""Teenage Mutant Ninja Turtles""

    After a 14-year lunch break, the “”Teenage Mutant Ninja Turtles”” film franchise has emerged from the sewers, revamped in CGI form. “”TMNT”” (apparently, we no longer have the attention span to deal with a movie title longer than three words, and can only handle acronyms) picks up after the defeat of arch nemesis Shredder, with each of the four New York City vigilantes splitting from the group and doing his own thing. But rat-turned-sensei-master Splinter, voiced by the late Mako Iwamatsu, eagerly tries to get the family back together, because – you guessed it – a new evil is on the rise.

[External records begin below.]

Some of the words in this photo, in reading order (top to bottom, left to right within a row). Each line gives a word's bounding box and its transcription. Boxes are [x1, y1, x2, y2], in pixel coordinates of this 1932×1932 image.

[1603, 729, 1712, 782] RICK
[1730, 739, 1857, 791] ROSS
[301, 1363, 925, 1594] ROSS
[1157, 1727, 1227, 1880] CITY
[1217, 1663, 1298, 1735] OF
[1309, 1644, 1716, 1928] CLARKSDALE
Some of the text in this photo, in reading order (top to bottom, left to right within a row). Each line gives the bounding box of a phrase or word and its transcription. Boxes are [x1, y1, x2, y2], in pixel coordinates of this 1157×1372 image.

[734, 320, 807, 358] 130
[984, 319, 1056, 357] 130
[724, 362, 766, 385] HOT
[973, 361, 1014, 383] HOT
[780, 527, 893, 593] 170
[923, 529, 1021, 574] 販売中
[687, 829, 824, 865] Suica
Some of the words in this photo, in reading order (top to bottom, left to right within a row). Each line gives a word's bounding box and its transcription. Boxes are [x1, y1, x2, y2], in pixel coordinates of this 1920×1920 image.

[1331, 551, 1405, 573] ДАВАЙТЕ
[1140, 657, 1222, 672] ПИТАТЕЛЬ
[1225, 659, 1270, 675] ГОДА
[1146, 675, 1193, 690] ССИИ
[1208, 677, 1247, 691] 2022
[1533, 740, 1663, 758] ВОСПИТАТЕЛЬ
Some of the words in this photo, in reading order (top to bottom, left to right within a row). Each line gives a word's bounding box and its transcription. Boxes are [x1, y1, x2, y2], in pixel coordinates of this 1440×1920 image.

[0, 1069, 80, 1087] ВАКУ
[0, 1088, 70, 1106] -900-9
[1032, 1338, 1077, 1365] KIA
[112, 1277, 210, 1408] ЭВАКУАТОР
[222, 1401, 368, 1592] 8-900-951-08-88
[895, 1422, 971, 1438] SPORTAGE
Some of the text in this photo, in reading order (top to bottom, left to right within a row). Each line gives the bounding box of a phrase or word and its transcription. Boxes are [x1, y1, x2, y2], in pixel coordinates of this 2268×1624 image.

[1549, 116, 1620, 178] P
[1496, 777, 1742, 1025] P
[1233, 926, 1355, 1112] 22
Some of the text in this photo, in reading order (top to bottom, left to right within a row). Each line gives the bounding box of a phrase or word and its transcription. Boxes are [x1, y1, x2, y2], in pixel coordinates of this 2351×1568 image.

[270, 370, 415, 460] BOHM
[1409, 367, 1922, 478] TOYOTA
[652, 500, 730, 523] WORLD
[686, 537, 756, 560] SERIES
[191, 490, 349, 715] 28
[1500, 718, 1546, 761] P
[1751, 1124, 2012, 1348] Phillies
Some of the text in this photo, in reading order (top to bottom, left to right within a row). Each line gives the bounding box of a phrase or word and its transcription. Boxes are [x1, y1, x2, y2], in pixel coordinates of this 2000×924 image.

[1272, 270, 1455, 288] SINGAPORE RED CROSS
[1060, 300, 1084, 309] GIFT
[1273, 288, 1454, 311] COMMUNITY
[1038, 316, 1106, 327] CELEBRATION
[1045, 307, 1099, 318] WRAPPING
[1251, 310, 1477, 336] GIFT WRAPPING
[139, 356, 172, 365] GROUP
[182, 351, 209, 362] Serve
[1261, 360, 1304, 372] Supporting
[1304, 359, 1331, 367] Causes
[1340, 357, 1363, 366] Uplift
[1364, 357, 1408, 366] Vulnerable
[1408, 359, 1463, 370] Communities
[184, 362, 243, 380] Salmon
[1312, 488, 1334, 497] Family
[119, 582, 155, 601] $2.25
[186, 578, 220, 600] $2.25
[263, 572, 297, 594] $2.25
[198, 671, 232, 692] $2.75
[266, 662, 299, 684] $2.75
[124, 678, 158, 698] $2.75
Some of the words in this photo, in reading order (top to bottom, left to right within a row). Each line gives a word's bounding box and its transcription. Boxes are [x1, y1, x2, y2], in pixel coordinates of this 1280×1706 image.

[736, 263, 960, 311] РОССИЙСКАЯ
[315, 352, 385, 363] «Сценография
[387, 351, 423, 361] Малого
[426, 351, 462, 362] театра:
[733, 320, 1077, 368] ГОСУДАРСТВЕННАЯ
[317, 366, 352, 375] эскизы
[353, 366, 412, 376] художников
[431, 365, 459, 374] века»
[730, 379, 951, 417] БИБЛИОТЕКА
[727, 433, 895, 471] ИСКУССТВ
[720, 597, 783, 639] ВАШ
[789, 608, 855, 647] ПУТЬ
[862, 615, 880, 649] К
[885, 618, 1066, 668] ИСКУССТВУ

    Visually, the computer-generated turtles look a little less creepy than the Jim Henson puppets of the first three late-’80s/early-’90s installations. Sarah Michelle Gellar, veteran computer-generated hero support (see: “”Scooby Doo””), lends her voice as April O’Neill, a spunky Manhattanite who befriends the turtles and kicks it in their sewer. April and her onscreen love interest Casey Jones, the former cell phone-wielding, flame-engulfed voice of Chris Evans, assist the turtles in their fight against tech industrialist Maximillian J. Winters, a new villain voiced by the ubiquitous Patrick Stewart.

    It’s about time the four reigning reptilian warriors – named after Renaissance artists and notorious for coining catch phrases like “”Cowabunga, dudes!”” – resurfaced on the silver screen.